Peintre figuratif pétri de références bibliques, Gérard Garouste est à l’honneur à la galerie Templon, à Paris.
Peut-on peindre le monde dans sa tête sans se soucier du monde extérieur ? Oui, semble répondre le peintre français Gérard Garouste, exposé jusqu’au 29 octobre à la galerie Templon, à Paris. En quarante ans de carrière, cet homme élégant et érudit n’a pas dévié de sa mythologie personnelle, tissée de traumatismes entre un père antisémite et une folie rampante. Harnachée à la bulle de ses obsessions, sa peinture est indifférente à son temps, noyée sous le poids des références qu’il ressasse en boucle. Quand Garouste convoque les grands mythes collectifs, de Faust à Don Quichotte en passant par le Golem, c’est pour mieux les mettre au service de son inconscient crépusculaire. Aussi maniériste qu’onirique, sa peinture relève de fait d’un surréalisme à mi-chemin entre Jérôme Bosch et Marc Chagall. « Il semble déconnecté du réel, mais ce n’est pas un faiseur. Son travail n’est pas fait pour plaire ou déplaire », remarque le philosophe Michel Onfray.

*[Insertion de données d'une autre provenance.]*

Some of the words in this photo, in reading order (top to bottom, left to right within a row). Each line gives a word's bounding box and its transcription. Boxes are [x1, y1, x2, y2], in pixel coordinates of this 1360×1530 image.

Certes sincère, Garouste n’en occupe pas moins une position bancale, apprécié des politiques et amateurs classiques mais ignoré par l’avant-garde et les institutions françaises. Pour certains, sa peinture serait pompier, ringarde et datée. « Datée au nom de quoi ? s’insurge Michel Onfray. C’est de l’insulte plus que de l’analyse. Certains peintres ne sont pas dans une logique historique. C’est une peinture exigeante, qui ne se donne pas à comprendre tout de suite. La plupart du temps, les malentendus sur Garouste relèvent de l’inculture. » Malgré les lazzis ou les diktats, Garouste ne change pas de ligne. « Les années passent et son œuvre revient, alors que celles de nombre de ses contemporains ont été oubliées. Elle revient aussi, telle l’incomprise qui ne cesse de faire retour. Elle revient, telle une contradiction fondamentale », souligne avec justesse le conservateur Bernard Blistène dans le catalogue de son exposition chez Templon.

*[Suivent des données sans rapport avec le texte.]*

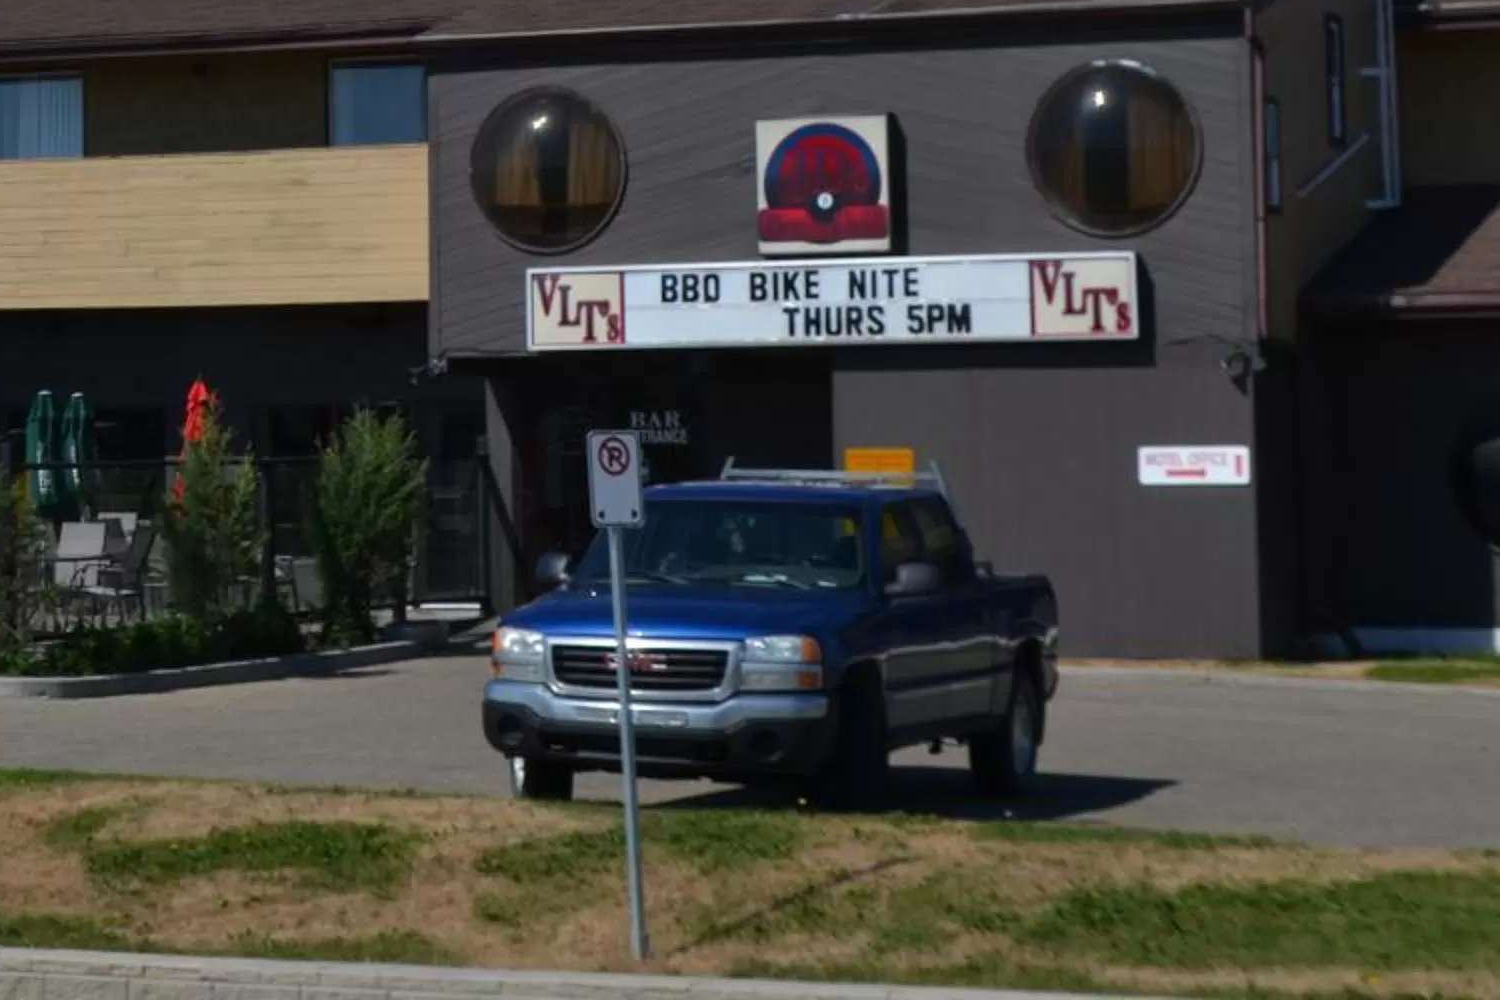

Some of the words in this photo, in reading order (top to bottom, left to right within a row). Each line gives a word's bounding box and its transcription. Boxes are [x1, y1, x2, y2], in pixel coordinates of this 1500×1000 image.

Le rôle salvateur de l’art
Avec ses failles et ses zones d’ombre, l’homme séduit plus que le peintre dans sa technicité et son savoir-faire. Dans L’Intranquille, écrit par Judith Perrignon, Garouste a révélé l’antisémitisme de son père, profiteur de guerre, et ses propres longs plongeons dans la démence. Il y a moins parlé de peinture que d’une certaine France. « Pour lui, la colonne vertébrale du livre, c’est la remise en cause du catéchisme catholique. Derrière cet ouvrage, qui est une histoire singulière, on retrouve des chapitres entiers de la société française », analyse Judith Perrignon. Cette biographie rappelle principalement à quel point la peinture, couplée à l’étude du judaïsme, a pu être réparatrice. Lorsque le jeune Garouste entre aux Beaux-arts en 1965, il s’y ennuie fermement. Surtout, il prend un vrai coup de massue en découvrant Daniel Buren, Olivier Mosset, Michel Parmentier… Les entretiens de Marcel Duchamp avec le critique d’art Pierre Cabanne le laissent K.-O. Dégoûté, il décide de ranger ses pinceaux. Il produit alors un spectacle, Le Classique et l’Indien. Mais la peinture le démange. Il reprend son tablier, va jusqu’à broyer les couleurs, apprend par cœur les siccatifs. « Quand on est dans une impasse, on retourne à la case départ. Est-ce que la chronologie est importante ? Est-ce que l’empreinte d’une main dans une grotte n’est pas plus moderne qu’un ready-made ? Tout était à reprendre point par point », explique l’intéressé. Mais pour cet homme traversé par de fortes dépressions, l’art revêt surtout un rôle salvateur. « C’était une question de survie, admet-il. Quand vous vous noyez, le réflexe est de bouger les bras ; pour moi cela a été de redessiner et de faire confiance avant tout à ma main. La peinture était la seule chose qui me permettait de sortir de moi-même. » Il reconnaît voir dans la peinture un « outil », lui laissant assez de temps pour étudier la Bible, son activité principale depuis qu’il s’est mis à l’hébreu il y a maintenant treize ans.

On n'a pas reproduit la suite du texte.